IEEE P802.11bnのPAR(ダウンロードにはIEEE Accountが必要)を見ると、例えば5.5のNeed for Projectでは以下のコメントを残している。
WLAN devices that support data rates in the range of a few gigabits per second (Gb/s) are already available.The technology needs to further evolve to increase throughput at different SINR levels.Use of WLAN P2P communications is increasing in a wide range of deployment scenarios, which are competing with infrastructure WLAN usage for the same medium resources.
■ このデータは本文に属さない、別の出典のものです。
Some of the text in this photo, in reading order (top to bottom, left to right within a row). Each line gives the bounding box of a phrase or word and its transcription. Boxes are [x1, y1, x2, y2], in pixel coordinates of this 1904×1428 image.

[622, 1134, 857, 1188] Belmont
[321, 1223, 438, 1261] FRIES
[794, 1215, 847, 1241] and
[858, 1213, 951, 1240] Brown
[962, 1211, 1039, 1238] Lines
This requires better coordination between neighboring APs and between P2P networks.
すでに数GbpsのWireless LANは利用可能だが、異なるSINR(Signal to Interference and Noise Ratioレベル)でのスループット向上のために技術進化が必要である。またWLAN P2P通信は多様なシナリオで利用が増加しており、同じメディアリソースを巡ってインフラWLANと競合を起こしている。このため、隣接AP間およびP2Pネットワーク間の、より良い調整が求められる。
また、8.1の"8.1 Additional Explanatory Notes"では2.1(Project Title)への補足として以下を述べた。
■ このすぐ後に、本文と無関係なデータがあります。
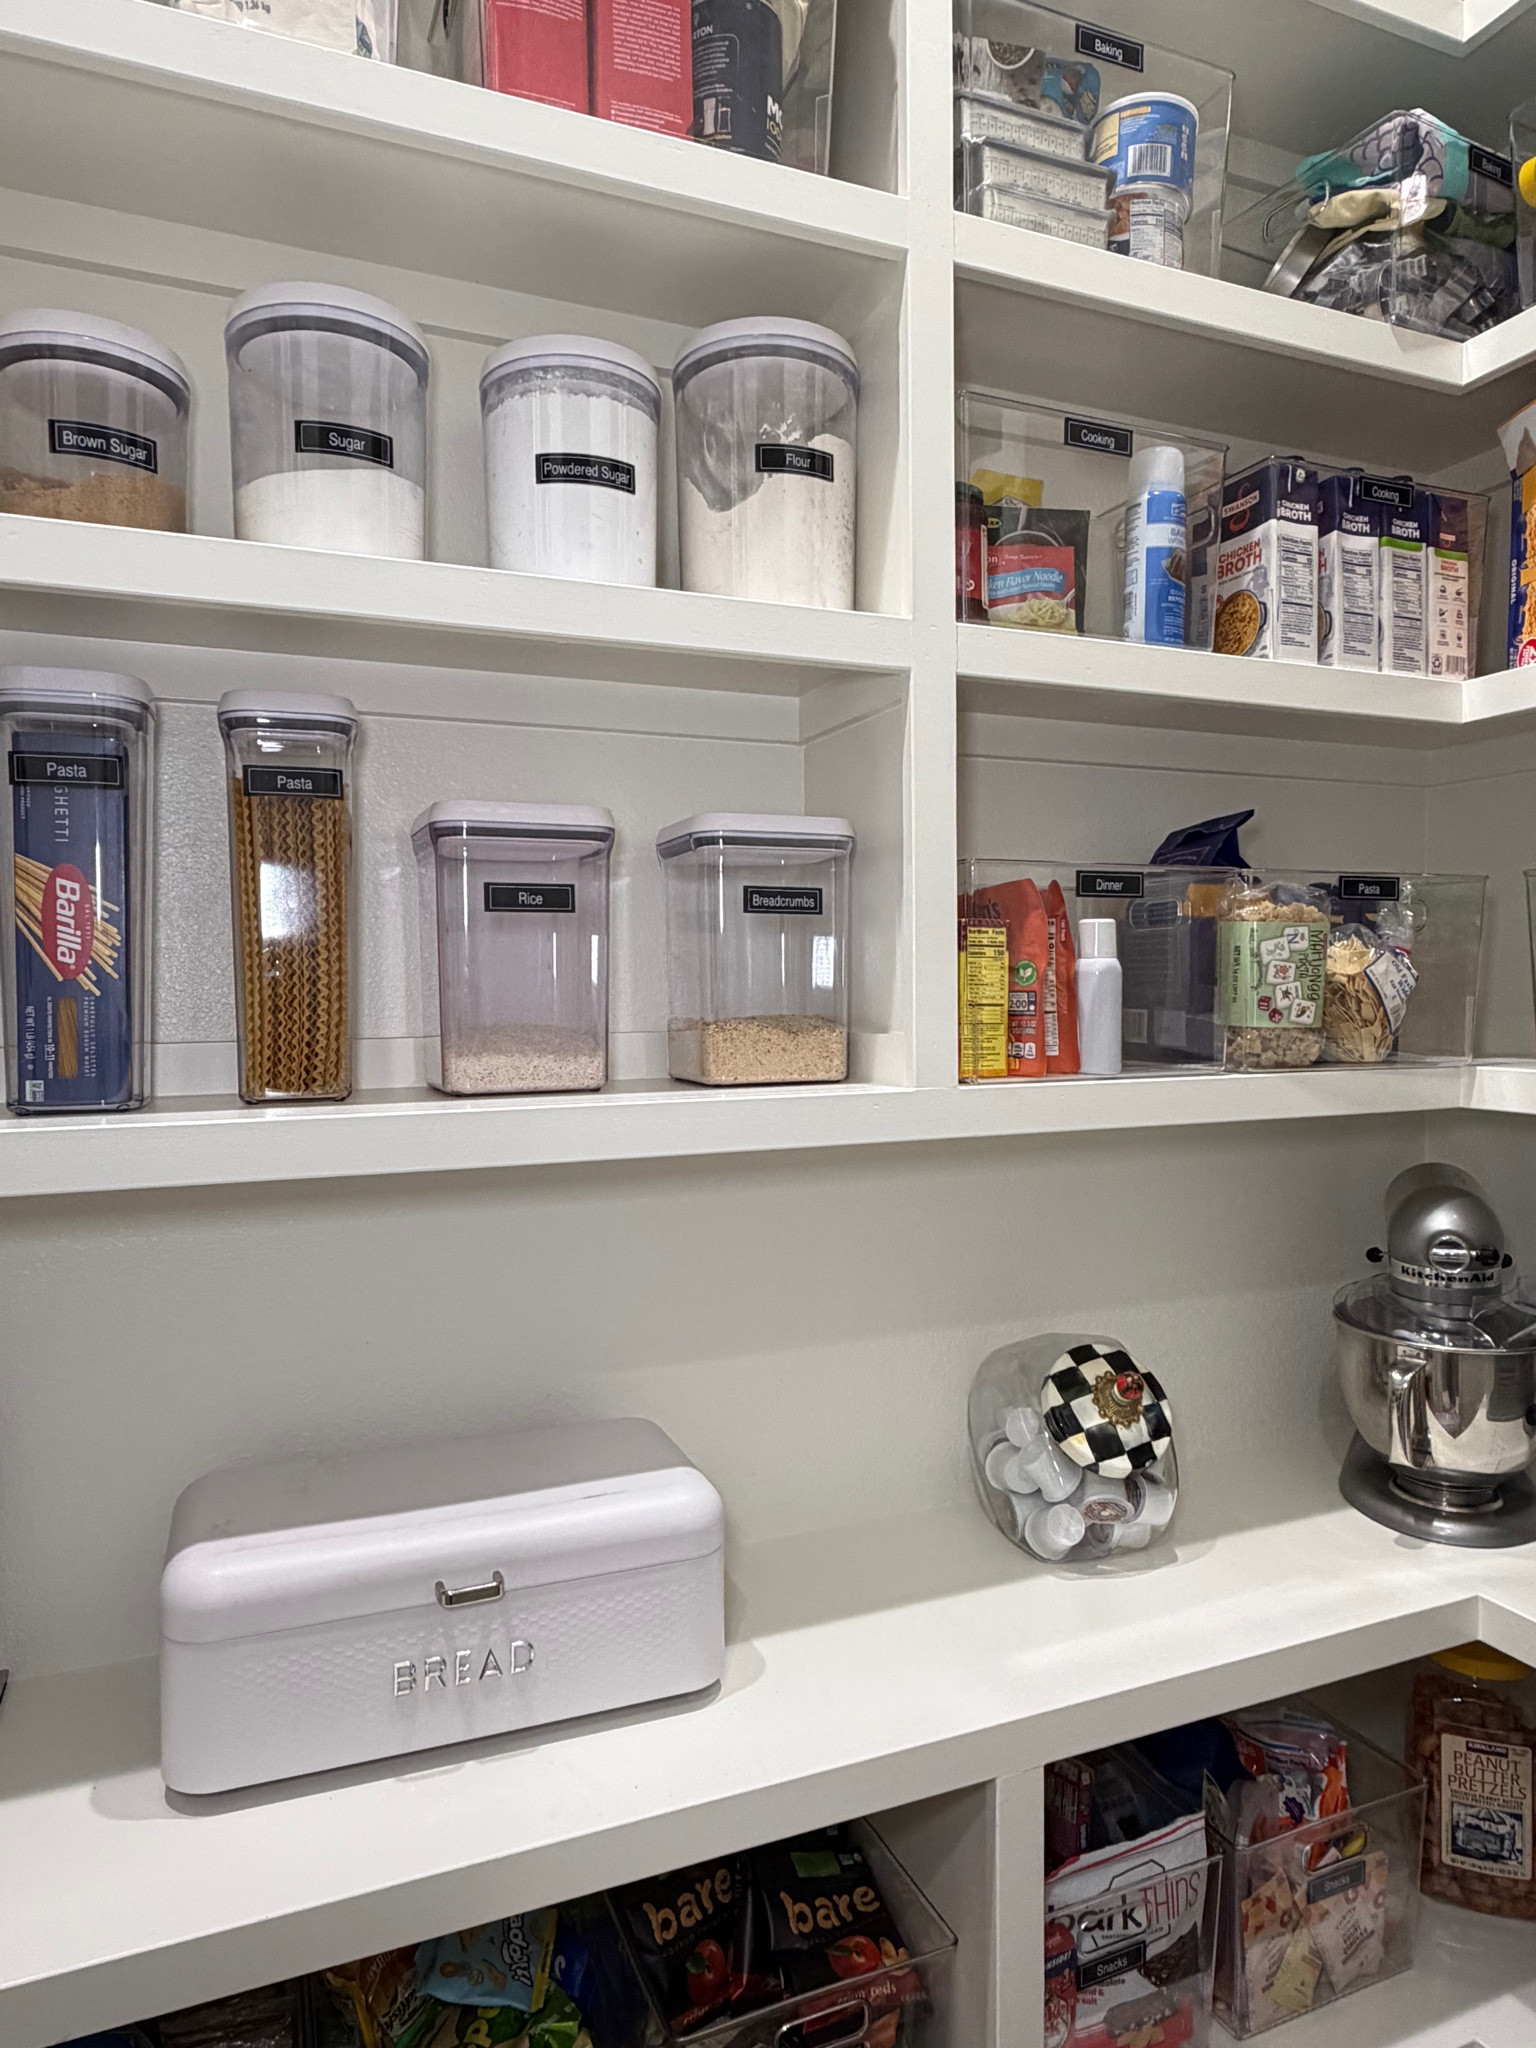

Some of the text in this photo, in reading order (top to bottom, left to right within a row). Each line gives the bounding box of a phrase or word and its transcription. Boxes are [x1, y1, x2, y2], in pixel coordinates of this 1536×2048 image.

[1094, 38, 1123, 61] Baking
[1481, 157, 1502, 176] Baking
[62, 430, 148, 463] Brown Sugar
[328, 431, 366, 453] Sugar
[1080, 428, 1115, 449] Cooking
[785, 452, 811, 469] Flour
[543, 462, 630, 485] Powdered Sugar
[1371, 485, 1400, 503] Cooking
[1223, 493, 1259, 516] SWANSON
[1281, 507, 1312, 521] BROTH
[1282, 500, 1310, 511] CHICKEN
[1341, 520, 1371, 533] BROTH
[1342, 511, 1369, 523] CHICKEN
[1392, 518, 1418, 528] CHICKEN
[1391, 525, 1420, 539] BROTH
[1218, 537, 1261, 564] CHICKEN
[1217, 547, 1262, 580] BROTH
[1033, 570, 1063, 584] Noodle
[46, 762, 87, 778] Pasta
[276, 774, 314, 791] Pasta
[54, 785, 69, 842] GHETTI
[1095, 879, 1123, 892] Dinner
[1358, 883, 1380, 895] Pasta
[518, 891, 543, 906] Rice
[752, 893, 815, 909] Breadcrumbs
[55, 877, 82, 965] Barilla
[1401, 1265, 1494, 1283] KitchenAid
[394, 1640, 535, 1697] BREAD
[1453, 1750, 1521, 1774] PEANUT
[1454, 1762, 1520, 1786] BUTTER
[1448, 1774, 1527, 1800] PRETZELS
[642, 1868, 732, 1945] bare
[779, 1885, 880, 1935] bare
[1096, 1957, 1128, 1977] Snacks
In the context of this PAR, reliability focuses on MPDU transfer and is comprised of throughput, latency and MPDU loss (see 5.2b).
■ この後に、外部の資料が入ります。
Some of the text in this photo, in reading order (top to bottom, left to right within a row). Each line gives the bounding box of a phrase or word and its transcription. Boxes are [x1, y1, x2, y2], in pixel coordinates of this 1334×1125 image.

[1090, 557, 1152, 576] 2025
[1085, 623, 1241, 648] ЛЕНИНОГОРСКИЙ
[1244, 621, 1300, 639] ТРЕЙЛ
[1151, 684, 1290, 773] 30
For a given scenario, implementations of the IEEE 802.11 standard today achieve multi-Gbps throughout, sub-10 ms latency and packet losses lower than 0.1%. Per our definition of reliability, we consider this as high reliability.The term Ultra High indicates the improvement quantified in 5.2b over the current high reliability baseline standard.
このPARにおいて、信頼性とはMPDU転送に焦点を当て、スループット、遅延、MPDU損失で構成される。特定のシナリオにおいて、現在のIEEE 802.11の実装は数Gbpsのスループット、10ミリ秒未満の遅延、0.1%未満のパケット損失を達成している。信頼性の定義にもとづき、これを高信頼性とみなす。『超高(Ultra High)』という用語は、現行の高信頼性基準規格に対して5.2bで定量化された改善を示すものである。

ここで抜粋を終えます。